We take this action as a liberal religious fellowship because we believe that democratic procedures should be strengthened to serve the peoples' needs. To permit unlimited and often irrelevant debate in the name of freedom of speech is to deny the majority an opportunity to bring an issue to a full and fair vote. Action now to provide for majority vote to terminate debate will go far toward restoring faith in democratic methods and government by law. It should also pave the way for passage of legislation to correct the present civil-rights abuses referred to specifically in the attached resolution of the American Ethical Union. Sincerely yours, L. D. MACINTYRE, President.

RESOLUTION No. IV, ADOPTED BY ASSEMBLY MAY 20, 1949

HUMAN RIGHTS

Whereas the American Ethical Union, at the annual assembly held in Brooklyn, N. Y., on May 20, 1949, adopted a resolution endorsing the Universal Declaration of Human Rights; and

Whereas this resolution stated that the American Ethical Union do whatever is in its power to publicize the declaration and to assure, whenever possible, that the rights contained therein are observed in this country; and

Whereas this resolution also stated that where such rights do not exist or are not enforced in the United States that public attention be drawn to such lack or violation, and that the American Ethical Union study and recommend remedial measures or proper enforcement of rights where such rights are not fully safeguarded; be it therefore

Resolved, That the American Ethical Union at this assembly endorse a specific program of civil rights and lend its full support to the enactment of effective legislation to provide a Fair Employment Practice Commission Act, Federal protection against lynching, elimination of Jim Crow practices in interstate commerce and in the armed services, establishment of equal rights and opportunities in the District of Columbia, elimination of racial distinctions in immigration and naturalization, establishment of a permanent Presidential Commission on Civil Rights, a congressional Committee on Civil Rights, and the Civil Rights Division in the Department of Justice, elimination of discrimination in education and health, elimination of the poll tax, and the realization of such other civil rights as are necessary to bring about a more effective democracy in our country; and be it further

Resolved, That the American Ethical Union considers the fulfillment of civil rights for all of our people a moral and ethical obligation and a test of the meaning of democracy in the eyes of the world.

NATIONAL CATHOLIC WELFARE CONFERENCE,

Hon. HUBERT H. HUMPHREY,

DEPARTMENT OF SOCIAL ACTION,
Washington, D. C., April 16, 1952.

Chairman, Subcommittee on Labor and Labor-Management Relations,

The United States Senate, Washington 25, D. C.

DEAR MR. HUMPHREY: We are happy to be of assistance to you in your work with the Subcommittee on Labor and Labor-Management Relations.
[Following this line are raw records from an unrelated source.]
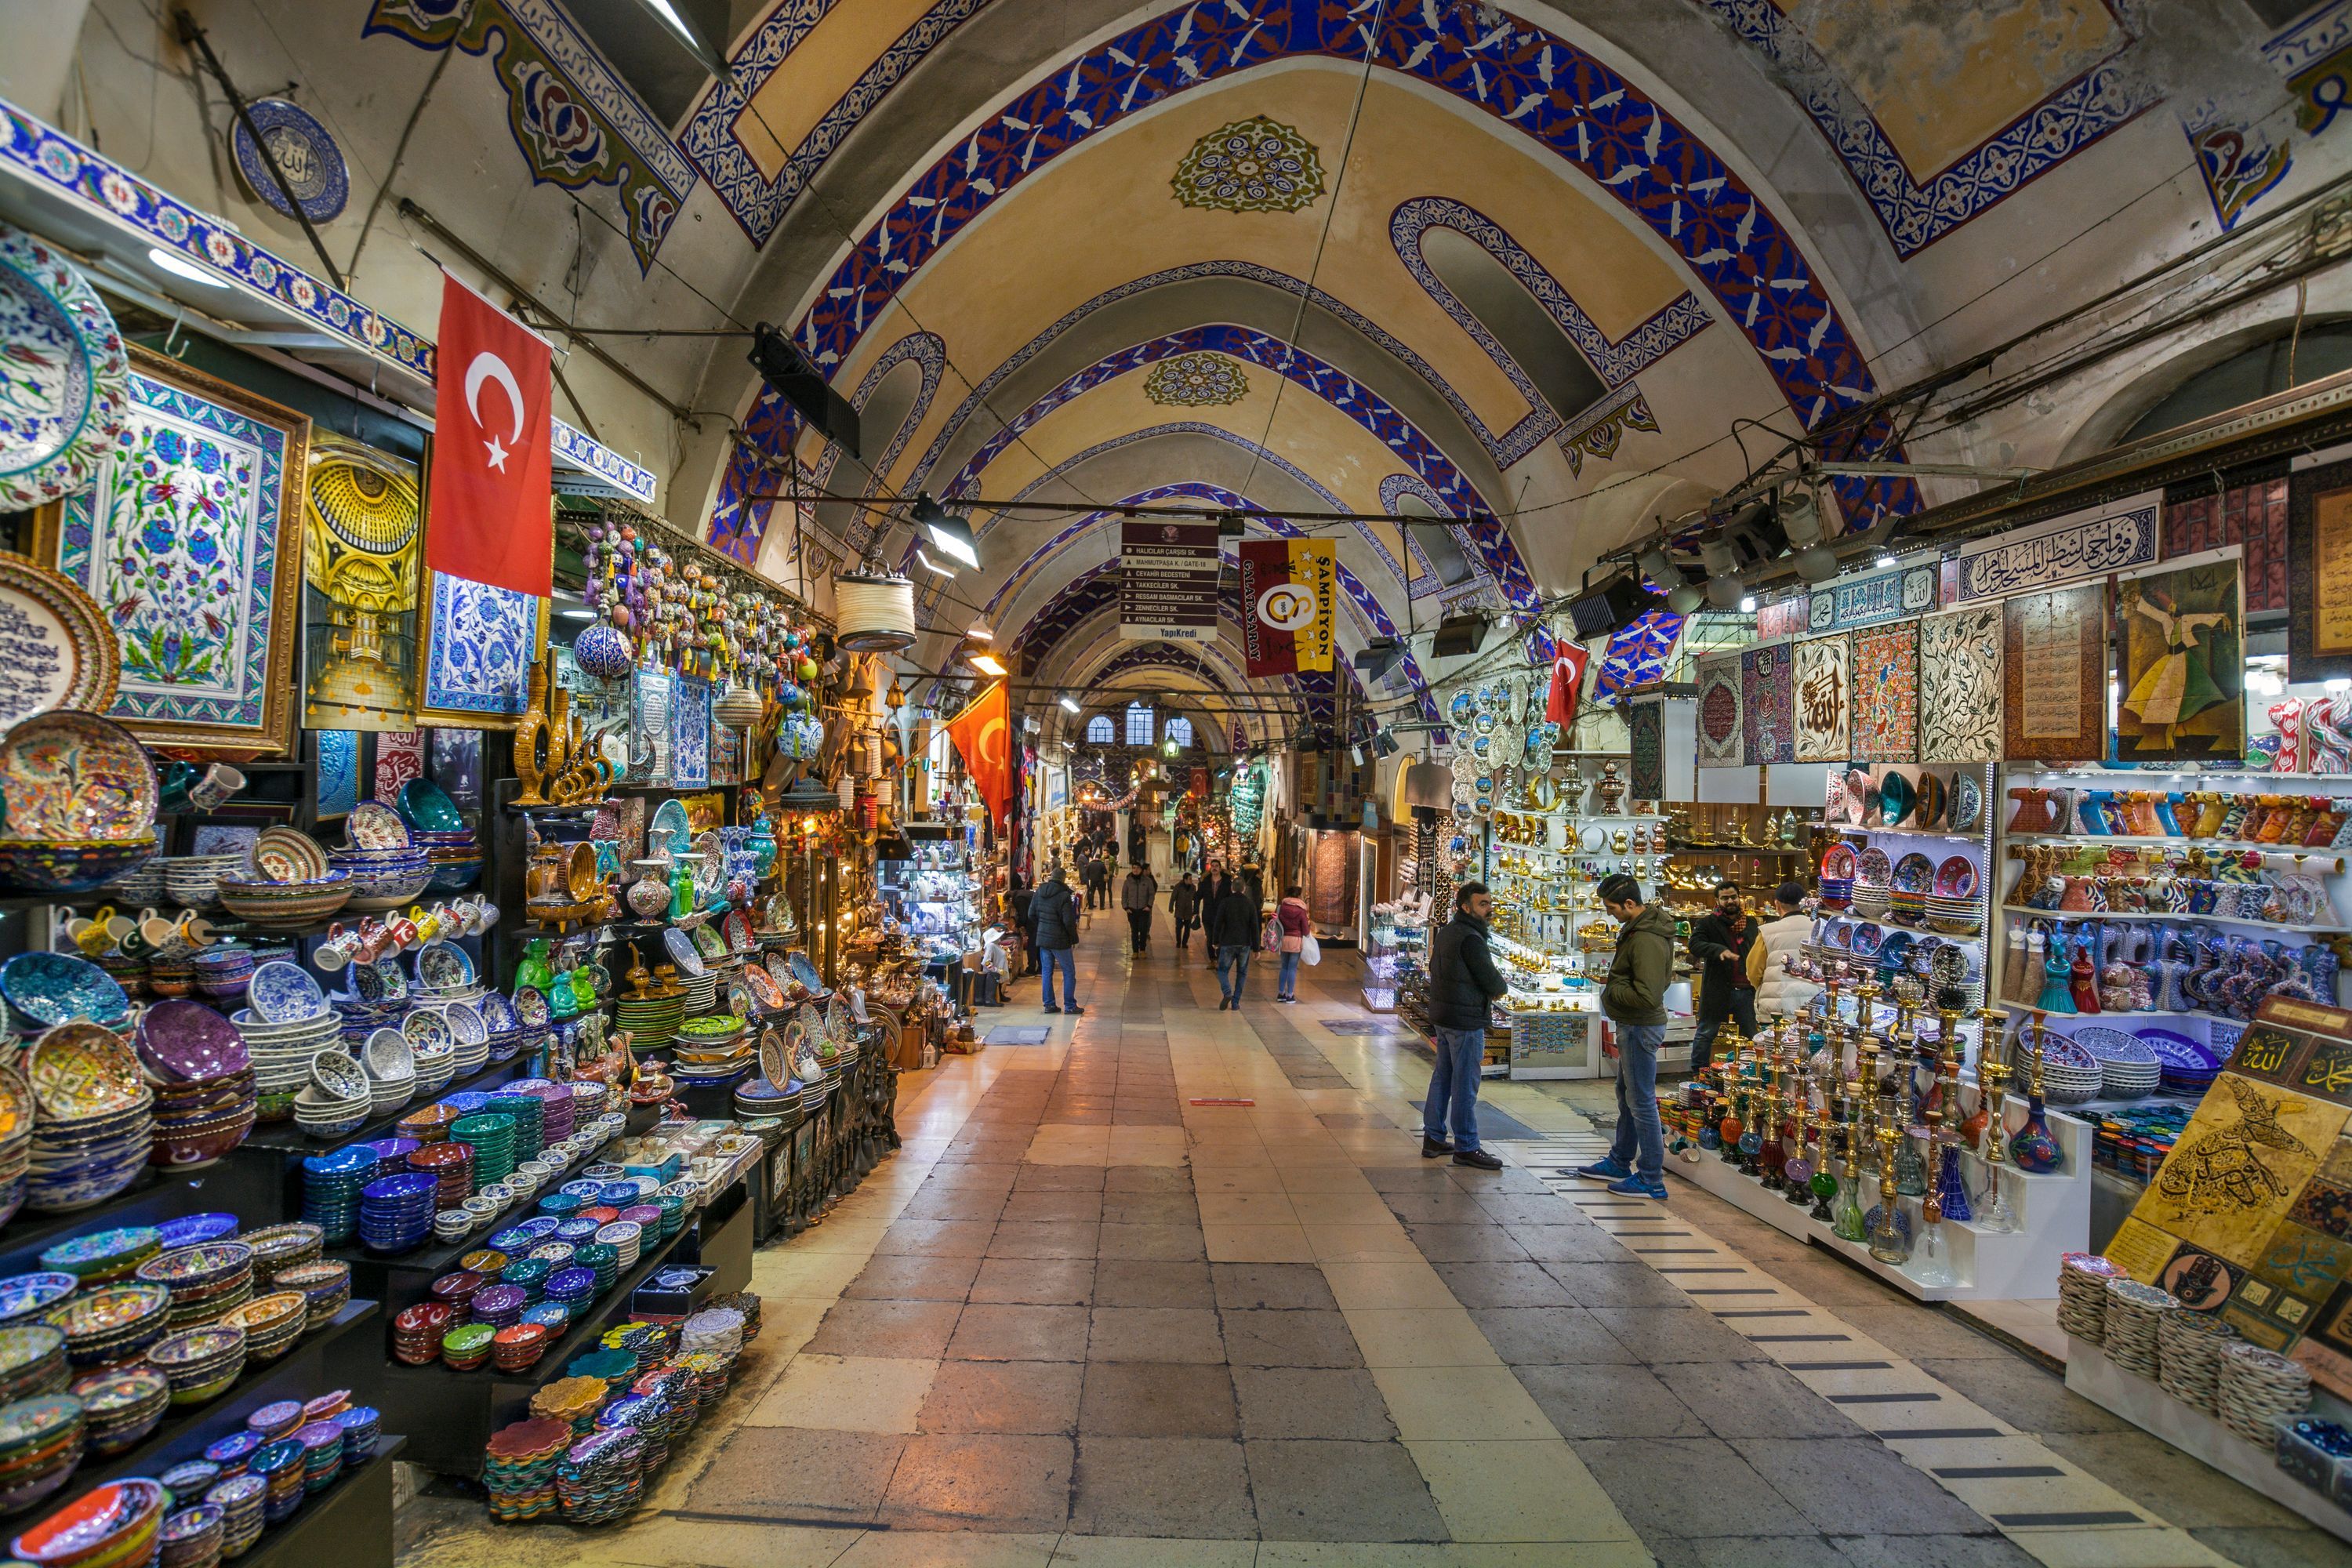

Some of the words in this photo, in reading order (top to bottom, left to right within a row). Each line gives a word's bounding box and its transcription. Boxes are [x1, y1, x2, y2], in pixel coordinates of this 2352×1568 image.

[1136, 558, 1174, 568] MAHMUTPAŞA
[1135, 569, 1160, 578] CEVAHİR
[1135, 581, 1169, 590] TAKKECİLER
[1135, 604, 1169, 612] ZENNECİLER
[1243, 559, 1261, 662] GALATASARAY
[1316, 556, 1331, 656] ŞAMPİYON
[1160, 628, 1197, 639] YapıKredi
Following is a short report on the history of the social action department as it pertains to the economic life of minority groups.
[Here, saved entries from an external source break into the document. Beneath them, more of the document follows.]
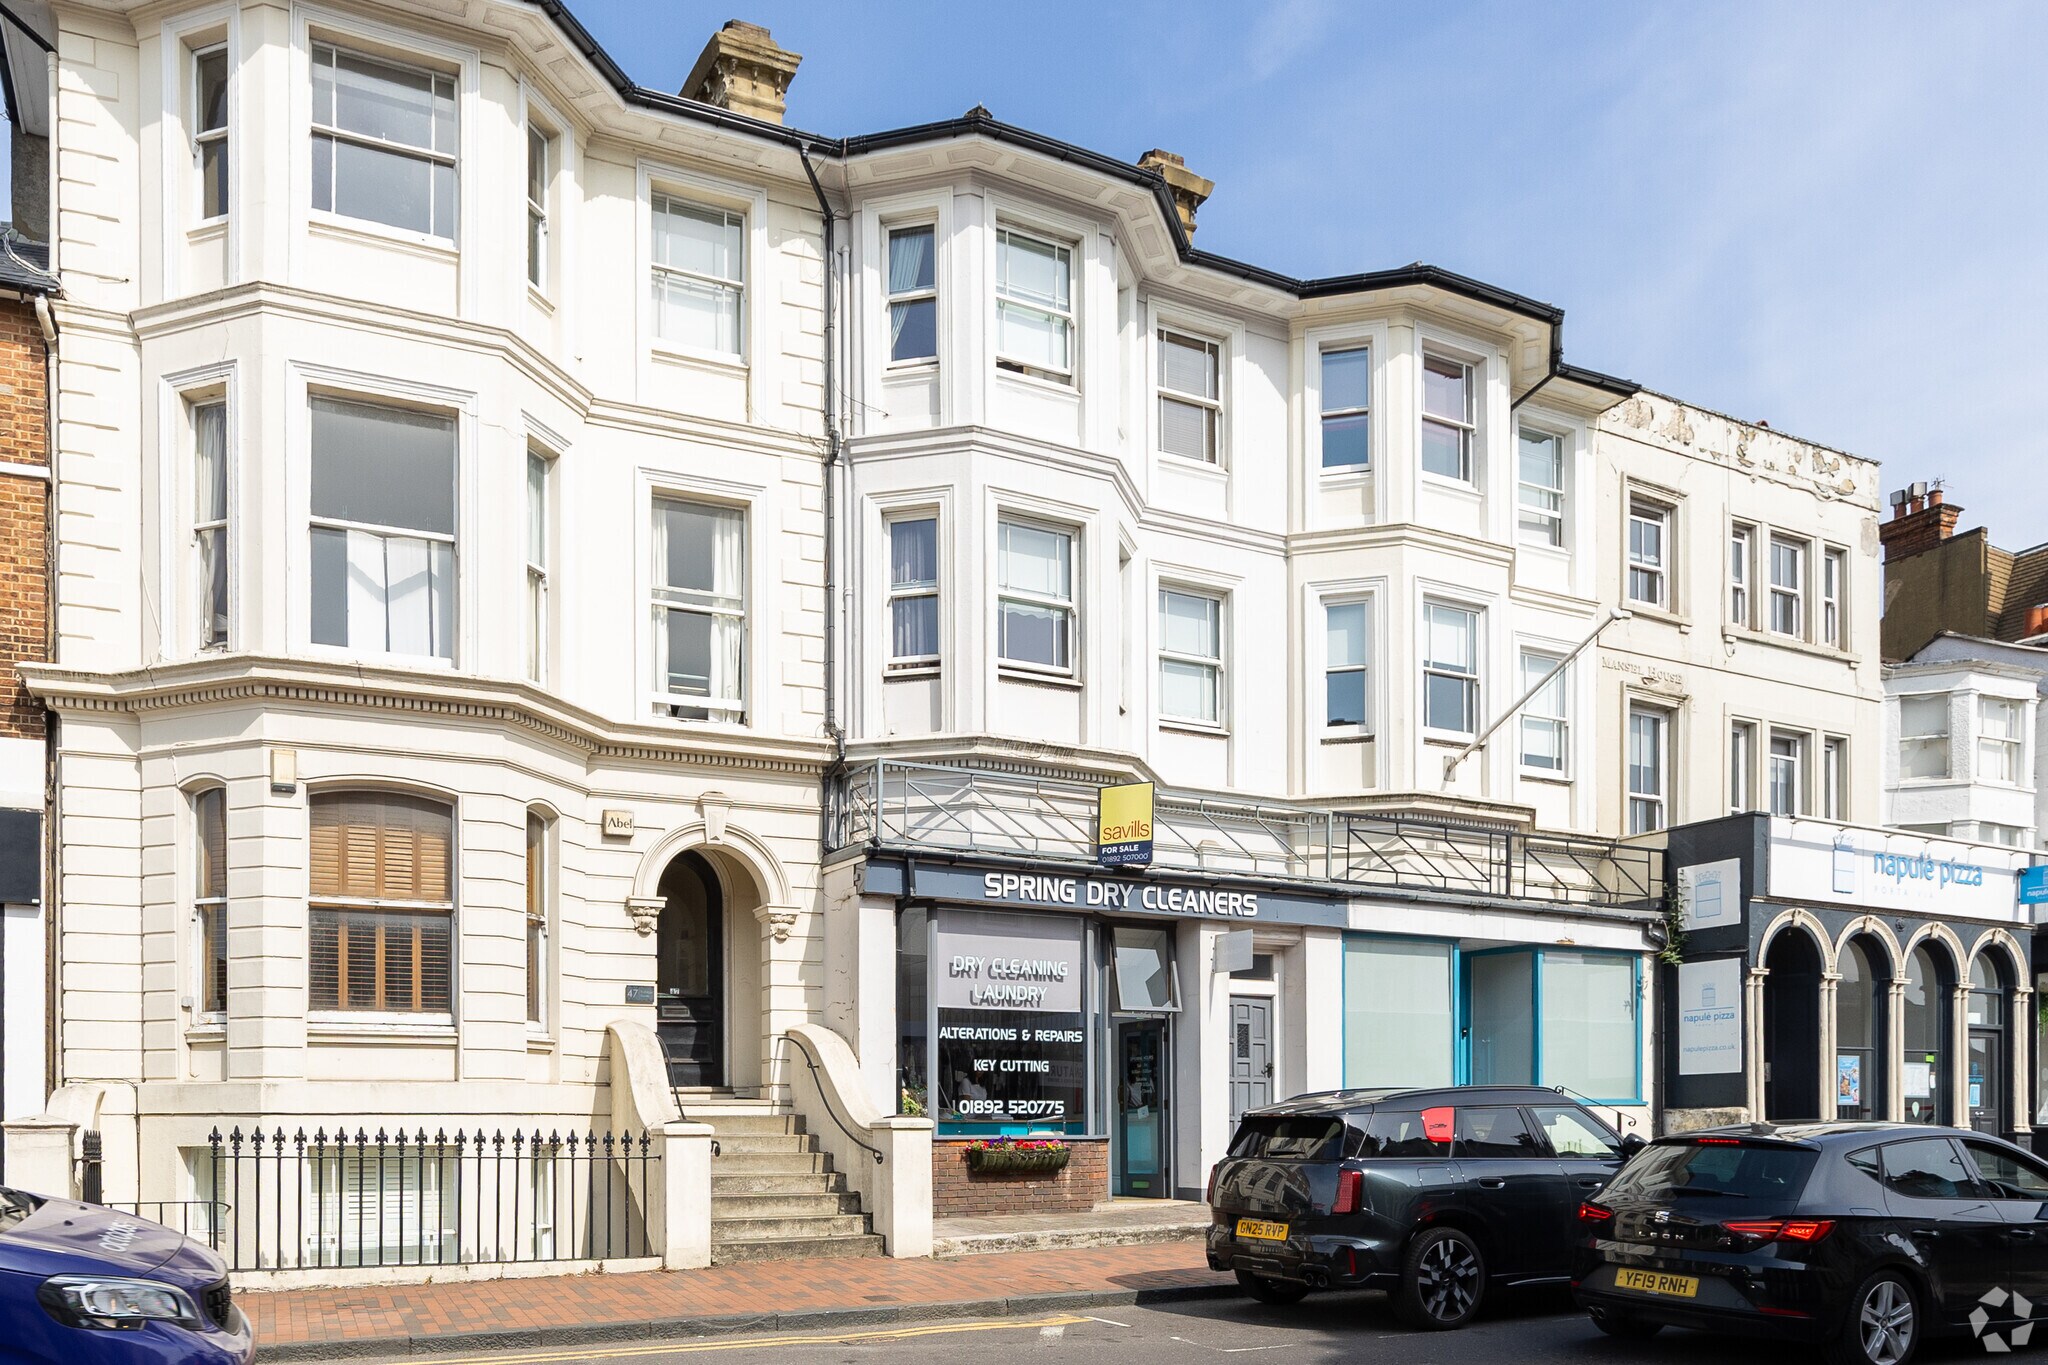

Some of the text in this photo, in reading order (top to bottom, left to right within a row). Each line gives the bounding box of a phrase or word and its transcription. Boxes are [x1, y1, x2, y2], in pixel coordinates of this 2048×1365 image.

[607, 817, 632, 829] Abel
[1102, 820, 1150, 841] savills
[1101, 844, 1139, 854] FOR SALE
[1101, 853, 1149, 863] 01892 507000
[1939, 856, 1983, 890] pizza
[984, 873, 1258, 917] SPRING DRY CLEANERS
[953, 955, 1069, 976] DRY CLEANING
[627, 988, 639, 998] 47
[974, 984, 1048, 1002] LAUNDRY
[1713, 1011, 1735, 1022] pizza
[939, 1027, 1083, 1043] ALTERATIONS & REPAIRS
[974, 1059, 1050, 1072] KEY CUTTING
[959, 1100, 1064, 1114] 01892 520775
[1240, 1222, 1284, 1237] GN25 RVP
[1638, 1230, 1684, 1241] LEON
[1626, 1271, 1689, 1294] YF19 RNH
The work of the social action department of the National Catholic Welfare Conference in regard to members of minority groups has been confined to the general field of economic life. Our method of operation has included the issuing of reports; the arrangement of conferences; speeches; articles; cooperating with Catholic and non-Catholic groups honestly working for similar aims; and helping to establish regional and local groups that could better effect our purposes.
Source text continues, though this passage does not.